All of the entries below should be returned verbatim, apart from the pictures.
--- DATASET EXCERPTS ---
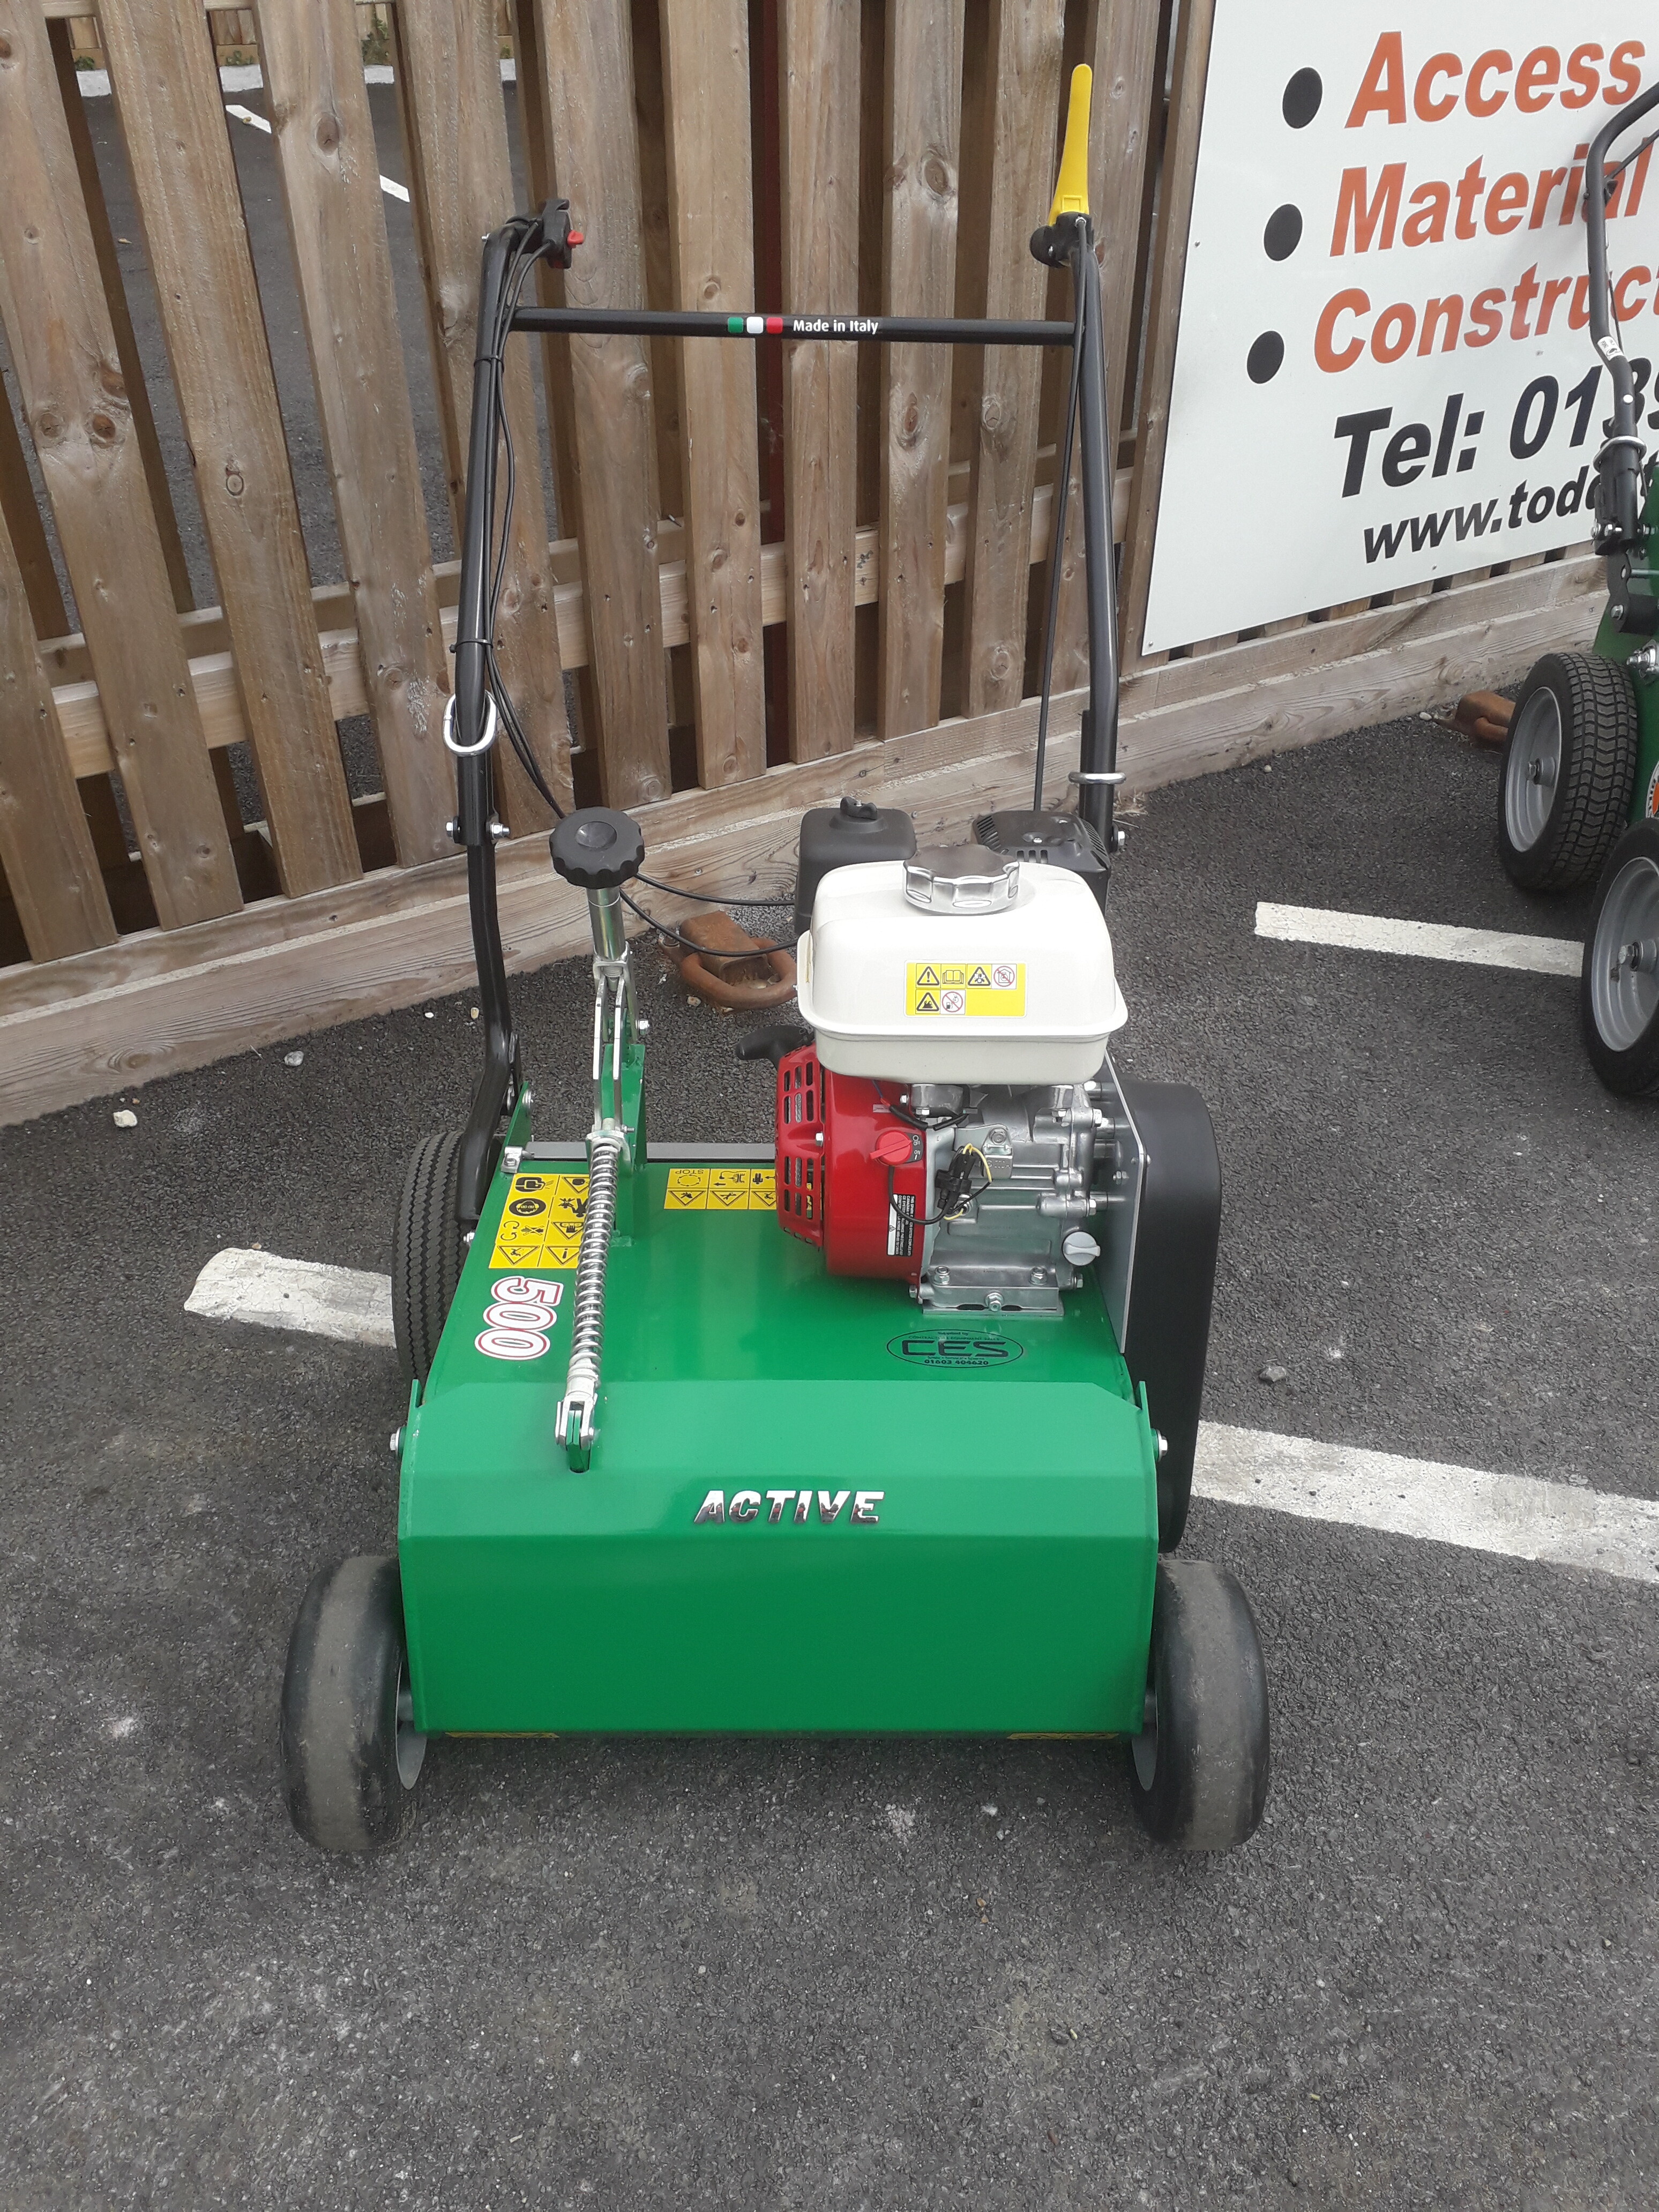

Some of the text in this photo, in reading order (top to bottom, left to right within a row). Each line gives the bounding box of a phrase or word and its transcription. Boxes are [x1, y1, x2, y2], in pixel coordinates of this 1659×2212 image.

[1344, 31, 1646, 128] Access
[793, 319, 878, 335] Made in Italy
[1313, 262, 1659, 373] Construc
[1334, 393, 1485, 498] Tel:
[475, 1275, 564, 1361] 500
[902, 1340, 1008, 1357] CES
[694, 1490, 885, 1523] ACTIVE
---
WRITTEN RESPONSE
Some of the text in this photo, in reading order (top to bottom, left to right within a row). Each line gives the bounding box of a phrase or word and its transcription. Boxes are [x1, y1, x2, y2], in pixel coordinates of this 1659×2212 image.

[1344, 31, 1646, 128] Access
[793, 319, 878, 335] Made in Italy
[1313, 262, 1659, 373] Construc
[1334, 393, 1485, 498] Tel:
[475, 1275, 564, 1361] 500
[902, 1340, 1008, 1357] CES
[694, 1490, 885, 1523] ACTIVE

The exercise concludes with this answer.